Dataset entries
####################
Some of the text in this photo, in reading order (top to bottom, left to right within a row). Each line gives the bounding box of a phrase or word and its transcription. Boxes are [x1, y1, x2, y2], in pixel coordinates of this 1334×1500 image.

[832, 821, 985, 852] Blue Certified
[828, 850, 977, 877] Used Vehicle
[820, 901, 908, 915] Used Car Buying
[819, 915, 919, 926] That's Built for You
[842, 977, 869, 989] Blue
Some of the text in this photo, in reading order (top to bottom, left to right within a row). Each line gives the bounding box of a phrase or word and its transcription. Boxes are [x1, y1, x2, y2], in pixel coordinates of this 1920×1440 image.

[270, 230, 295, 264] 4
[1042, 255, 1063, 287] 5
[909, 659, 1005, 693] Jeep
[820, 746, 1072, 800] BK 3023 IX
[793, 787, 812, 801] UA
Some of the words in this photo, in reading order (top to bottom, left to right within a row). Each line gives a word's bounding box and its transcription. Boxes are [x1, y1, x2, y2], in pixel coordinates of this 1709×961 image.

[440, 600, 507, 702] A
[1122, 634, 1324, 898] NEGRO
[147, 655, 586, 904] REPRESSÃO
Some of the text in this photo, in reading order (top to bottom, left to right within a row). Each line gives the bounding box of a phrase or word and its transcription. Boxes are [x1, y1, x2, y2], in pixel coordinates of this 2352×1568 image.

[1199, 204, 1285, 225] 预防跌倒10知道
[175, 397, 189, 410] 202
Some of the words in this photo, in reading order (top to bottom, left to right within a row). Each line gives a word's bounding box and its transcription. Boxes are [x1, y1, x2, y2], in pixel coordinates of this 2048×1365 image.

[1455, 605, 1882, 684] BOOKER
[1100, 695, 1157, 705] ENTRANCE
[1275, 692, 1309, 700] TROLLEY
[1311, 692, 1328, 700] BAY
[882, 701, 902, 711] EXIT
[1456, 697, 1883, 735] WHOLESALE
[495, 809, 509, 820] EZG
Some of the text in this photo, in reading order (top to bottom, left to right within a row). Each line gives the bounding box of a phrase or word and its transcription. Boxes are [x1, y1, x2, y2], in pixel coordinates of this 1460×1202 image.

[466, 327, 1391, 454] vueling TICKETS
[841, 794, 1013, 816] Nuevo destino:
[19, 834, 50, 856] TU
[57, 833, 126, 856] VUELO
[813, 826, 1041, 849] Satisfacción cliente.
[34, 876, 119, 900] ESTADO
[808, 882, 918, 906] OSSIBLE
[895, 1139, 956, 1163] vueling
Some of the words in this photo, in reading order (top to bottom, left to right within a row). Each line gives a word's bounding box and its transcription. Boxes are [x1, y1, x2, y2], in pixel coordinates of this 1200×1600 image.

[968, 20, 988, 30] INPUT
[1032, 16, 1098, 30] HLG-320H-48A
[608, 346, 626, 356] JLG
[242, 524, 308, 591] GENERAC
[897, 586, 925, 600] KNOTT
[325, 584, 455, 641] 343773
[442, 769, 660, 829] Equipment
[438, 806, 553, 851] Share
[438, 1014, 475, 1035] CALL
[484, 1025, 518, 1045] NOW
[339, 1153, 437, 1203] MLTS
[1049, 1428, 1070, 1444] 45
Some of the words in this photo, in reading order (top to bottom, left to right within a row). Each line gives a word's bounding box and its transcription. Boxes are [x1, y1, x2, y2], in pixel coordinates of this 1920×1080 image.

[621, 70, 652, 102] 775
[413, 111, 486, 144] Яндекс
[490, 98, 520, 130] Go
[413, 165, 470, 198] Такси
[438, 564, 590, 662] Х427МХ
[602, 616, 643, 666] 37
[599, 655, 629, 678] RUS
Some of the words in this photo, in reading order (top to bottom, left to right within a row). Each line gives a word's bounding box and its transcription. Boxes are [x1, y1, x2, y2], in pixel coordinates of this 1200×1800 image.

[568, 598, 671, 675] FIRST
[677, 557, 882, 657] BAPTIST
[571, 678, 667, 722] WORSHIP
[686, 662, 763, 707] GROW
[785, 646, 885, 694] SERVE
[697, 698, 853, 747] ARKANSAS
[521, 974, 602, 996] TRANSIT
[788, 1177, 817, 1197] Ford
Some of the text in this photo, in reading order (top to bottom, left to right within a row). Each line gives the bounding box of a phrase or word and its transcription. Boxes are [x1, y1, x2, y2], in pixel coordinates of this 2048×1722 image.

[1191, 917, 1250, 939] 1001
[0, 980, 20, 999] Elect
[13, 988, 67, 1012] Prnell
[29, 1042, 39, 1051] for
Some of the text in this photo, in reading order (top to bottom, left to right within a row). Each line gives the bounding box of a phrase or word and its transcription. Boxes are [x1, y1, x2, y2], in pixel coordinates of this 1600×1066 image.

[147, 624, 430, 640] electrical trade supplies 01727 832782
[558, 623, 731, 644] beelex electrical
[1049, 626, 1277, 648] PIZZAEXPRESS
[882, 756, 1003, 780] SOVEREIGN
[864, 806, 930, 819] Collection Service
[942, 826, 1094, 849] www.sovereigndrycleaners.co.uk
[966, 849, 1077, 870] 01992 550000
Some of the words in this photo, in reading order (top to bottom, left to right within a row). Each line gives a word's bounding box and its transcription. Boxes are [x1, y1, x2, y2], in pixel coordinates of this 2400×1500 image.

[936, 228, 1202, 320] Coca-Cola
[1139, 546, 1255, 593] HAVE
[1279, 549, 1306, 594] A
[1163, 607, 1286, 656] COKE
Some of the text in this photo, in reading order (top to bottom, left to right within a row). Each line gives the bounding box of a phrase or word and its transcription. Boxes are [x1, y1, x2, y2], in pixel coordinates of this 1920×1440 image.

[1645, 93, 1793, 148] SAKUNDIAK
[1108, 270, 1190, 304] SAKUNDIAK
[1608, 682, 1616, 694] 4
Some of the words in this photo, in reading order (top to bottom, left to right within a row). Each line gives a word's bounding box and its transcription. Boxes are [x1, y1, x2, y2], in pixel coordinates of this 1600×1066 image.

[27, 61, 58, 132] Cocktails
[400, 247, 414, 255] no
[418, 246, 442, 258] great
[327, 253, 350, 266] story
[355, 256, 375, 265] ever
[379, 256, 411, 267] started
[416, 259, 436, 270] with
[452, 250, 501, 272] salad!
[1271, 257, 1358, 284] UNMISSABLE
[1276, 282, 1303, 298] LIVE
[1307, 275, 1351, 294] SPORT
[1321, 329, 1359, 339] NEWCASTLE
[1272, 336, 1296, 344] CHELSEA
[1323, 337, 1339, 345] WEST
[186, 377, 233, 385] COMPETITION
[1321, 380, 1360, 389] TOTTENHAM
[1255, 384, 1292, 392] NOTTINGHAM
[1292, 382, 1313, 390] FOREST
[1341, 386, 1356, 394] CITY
####################
### PROBLEM REQUIREMENTS
Please restate the data word for word, every record included.

### SOLUTION TO THE PROBLEM
Some of the text in this photo, in reading order (top to bottom, left to right within a row). Each line gives the bounding box of a phrase or word and its transcription. Boxes are [x1, y1, x2, y2], in pixel coordinates of this 1334×1500 image.

[832, 821, 985, 852] Blue Certified
[828, 850, 977, 877] Used Vehicle
[820, 901, 908, 915] Used Car Buying
[819, 915, 919, 926] That's Built for You
[842, 977, 869, 989] Blue
Some of the text in this photo, in reading order (top to bottom, left to right within a row). Each line gives the bounding box of a phrase or word and its transcription. Boxes are [x1, y1, x2, y2], in pixel coordinates of this 1920×1440 image.

[270, 230, 295, 264] 4
[1042, 255, 1063, 287] 5
[909, 659, 1005, 693] Jeep
[820, 746, 1072, 800] BK 3023 IX
[793, 787, 812, 801] UA
Some of the words in this photo, in reading order (top to bottom, left to right within a row). Each line gives a word's bounding box and its transcription. Boxes are [x1, y1, x2, y2], in pixel coordinates of this 1709×961 image.

[440, 600, 507, 702] A
[1122, 634, 1324, 898] NEGRO
[147, 655, 586, 904] REPRESSÃO
Some of the text in this photo, in reading order (top to bottom, left to right within a row). Each line gives the bounding box of a phrase or word and its transcription. Boxes are [x1, y1, x2, y2], in pixel coordinates of this 2352×1568 image.

[1199, 204, 1285, 225] 预防跌倒10知道
[175, 397, 189, 410] 202
Some of the words in this photo, in reading order (top to bottom, left to right within a row). Each line gives a word's bounding box and its transcription. Boxes are [x1, y1, x2, y2], in pixel coordinates of this 2048×1365 image.

[1455, 605, 1882, 684] BOOKER
[1100, 695, 1157, 705] ENTRANCE
[1275, 692, 1309, 700] TROLLEY
[1311, 692, 1328, 700] BAY
[882, 701, 902, 711] EXIT
[1456, 697, 1883, 735] WHOLESALE
[495, 809, 509, 820] EZG
Some of the text in this photo, in reading order (top to bottom, left to right within a row). Each line gives the bounding box of a phrase or word and its transcription. Boxes are [x1, y1, x2, y2], in pixel coordinates of this 1460×1202 image.

[466, 327, 1391, 454] vueling TICKETS
[841, 794, 1013, 816] Nuevo destino:
[19, 834, 50, 856] TU
[57, 833, 126, 856] VUELO
[813, 826, 1041, 849] Satisfacción cliente.
[34, 876, 119, 900] ESTADO
[808, 882, 918, 906] OSSIBLE
[895, 1139, 956, 1163] vueling
Some of the words in this photo, in reading order (top to bottom, left to right within a row). Each line gives a word's bounding box and its transcription. Boxes are [x1, y1, x2, y2], in pixel coordinates of this 1200×1600 image.

[968, 20, 988, 30] INPUT
[1032, 16, 1098, 30] HLG-320H-48A
[608, 346, 626, 356] JLG
[242, 524, 308, 591] GENERAC
[897, 586, 925, 600] KNOTT
[325, 584, 455, 641] 343773
[442, 769, 660, 829] Equipment
[438, 806, 553, 851] Share
[438, 1014, 475, 1035] CALL
[484, 1025, 518, 1045] NOW
[339, 1153, 437, 1203] MLTS
[1049, 1428, 1070, 1444] 45
Some of the words in this photo, in reading order (top to bottom, left to right within a row). Each line gives a word's bounding box and its transcription. Boxes are [x1, y1, x2, y2], in pixel coordinates of this 1920×1080 image.

[621, 70, 652, 102] 775
[413, 111, 486, 144] Яндекс
[490, 98, 520, 130] Go
[413, 165, 470, 198] Такси
[438, 564, 590, 662] Х427МХ
[602, 616, 643, 666] 37
[599, 655, 629, 678] RUS
Some of the words in this photo, in reading order (top to bottom, left to right within a row). Each line gives a word's bounding box and its transcription. Boxes are [x1, y1, x2, y2], in pixel coordinates of this 1200×1800 image.

[568, 598, 671, 675] FIRST
[677, 557, 882, 657] BAPTIST
[571, 678, 667, 722] WORSHIP
[686, 662, 763, 707] GROW
[785, 646, 885, 694] SERVE
[697, 698, 853, 747] ARKANSAS
[521, 974, 602, 996] TRANSIT
[788, 1177, 817, 1197] Ford
Some of the text in this photo, in reading order (top to bottom, left to right within a row). Each line gives the bounding box of a phrase or word and its transcription. Boxes are [x1, y1, x2, y2], in pixel coordinates of this 2048×1722 image.

[1191, 917, 1250, 939] 1001
[0, 980, 20, 999] Elect
[13, 988, 67, 1012] Prnell
[29, 1042, 39, 1051] for
Some of the text in this photo, in reading order (top to bottom, left to right within a row). Each line gives the bounding box of a phrase or word and its transcription. Boxes are [x1, y1, x2, y2], in pixel coordinates of this 1600×1066 image.

[147, 624, 430, 640] electrical trade supplies 01727 832782
[558, 623, 731, 644] beelex electrical
[1049, 626, 1277, 648] PIZZAEXPRESS
[882, 756, 1003, 780] SOVEREIGN
[864, 806, 930, 819] Collection Service
[942, 826, 1094, 849] www.sovereigndrycleaners.co.uk
[966, 849, 1077, 870] 01992 550000
Some of the words in this photo, in reading order (top to bottom, left to right within a row). Each line gives a word's bounding box and its transcription. Boxes are [x1, y1, x2, y2], in pixel coordinates of this 2400×1500 image.

[936, 228, 1202, 320] Coca-Cola
[1139, 546, 1255, 593] HAVE
[1279, 549, 1306, 594] A
[1163, 607, 1286, 656] COKE
Some of the text in this photo, in reading order (top to bottom, left to right within a row). Each line gives the bounding box of a phrase or word and its transcription. Boxes are [x1, y1, x2, y2], in pixel coordinates of this 1920×1440 image.

[1645, 93, 1793, 148] SAKUNDIAK
[1108, 270, 1190, 304] SAKUNDIAK
[1608, 682, 1616, 694] 4
Some of the words in this photo, in reading order (top to bottom, left to right within a row). Each line gives a word's bounding box and its transcription. Boxes are [x1, y1, x2, y2], in pixel coordinates of this 1600×1066 image.

[27, 61, 58, 132] Cocktails
[400, 247, 414, 255] no
[418, 246, 442, 258] great
[327, 253, 350, 266] story
[355, 256, 375, 265] ever
[379, 256, 411, 267] started
[416, 259, 436, 270] with
[452, 250, 501, 272] salad!
[1271, 257, 1358, 284] UNMISSABLE
[1276, 282, 1303, 298] LIVE
[1307, 275, 1351, 294] SPORT
[1321, 329, 1359, 339] NEWCASTLE
[1272, 336, 1296, 344] CHELSEA
[1323, 337, 1339, 345] WEST
[186, 377, 233, 385] COMPETITION
[1321, 380, 1360, 389] TOTTENHAM
[1255, 384, 1292, 392] NOTTINGHAM
[1292, 382, 1313, 390] FOREST
[1341, 386, 1356, 394] CITY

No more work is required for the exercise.